** To do **
Your copy of the data below must be exact and must leave out all pictures.

━━ Available data

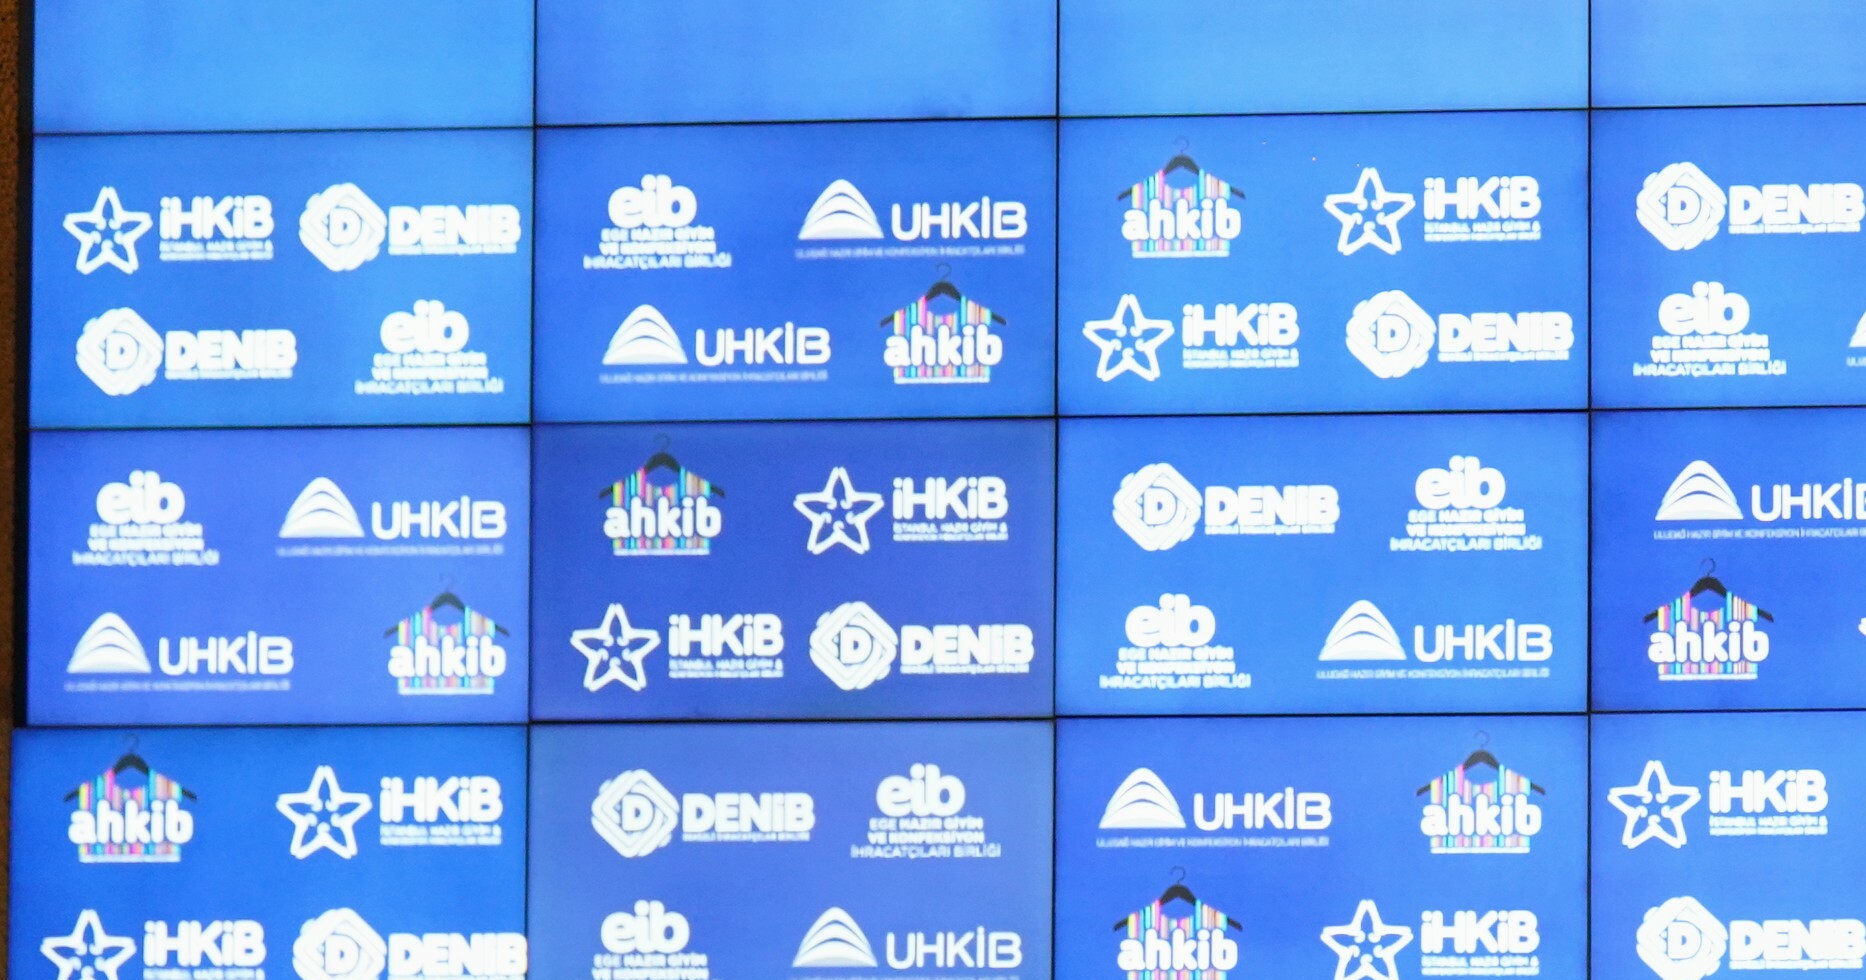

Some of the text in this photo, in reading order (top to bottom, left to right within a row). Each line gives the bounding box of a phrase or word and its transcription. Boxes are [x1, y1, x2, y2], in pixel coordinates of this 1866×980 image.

[609, 175, 697, 227] eib
[892, 197, 1027, 241] UHKİB
[1123, 197, 1240, 242] ahkib
[381, 300, 469, 352] eib
[1659, 282, 1750, 335] eib
[696, 322, 831, 366] UHKİB
[885, 325, 1002, 367] ahkib
[97, 471, 185, 523] eib
[1415, 456, 1506, 509] eib
[372, 496, 506, 539] UHKİB
[605, 495, 721, 538] ahkib
[1125, 594, 1215, 647] eib
[1415, 619, 1552, 662] UHKİB
[1649, 619, 1768, 664] ahkib
[159, 631, 293, 675] UHKİB
[389, 635, 505, 678] ahkib
[877, 764, 965, 817] eib
[1194, 787, 1332, 830] UHKİB
[69, 799, 193, 845] ahkib
[1421, 792, 1541, 837] ahkib
[601, 901, 689, 953] eib
[887, 927, 1022, 969] UHKİB
[1118, 927, 1237, 972] ahkib

━━━━

** Response box **
Some of the text in this photo, in reading order (top to bottom, left to right within a row). Each line gives the bounding box of a phrase or word and its transcription. Boxes are [x1, y1, x2, y2], in pixel coordinates of this 1866×980 image.

[609, 175, 697, 227] eib
[892, 197, 1027, 241] UHKİB
[1123, 197, 1240, 242] ahkib
[381, 300, 469, 352] eib
[1659, 282, 1750, 335] eib
[696, 322, 831, 366] UHKİB
[885, 325, 1002, 367] ahkib
[97, 471, 185, 523] eib
[1415, 456, 1506, 509] eib
[372, 496, 506, 539] UHKİB
[605, 495, 721, 538] ahkib
[1125, 594, 1215, 647] eib
[1415, 619, 1552, 662] UHKİB
[1649, 619, 1768, 664] ahkib
[159, 631, 293, 675] UHKİB
[389, 635, 505, 678] ahkib
[877, 764, 965, 817] eib
[1194, 787, 1332, 830] UHKİB
[69, 799, 193, 845] ahkib
[1421, 792, 1541, 837] ahkib
[601, 901, 689, 953] eib
[887, 927, 1022, 969] UHKİB
[1118, 927, 1237, 972] ahkib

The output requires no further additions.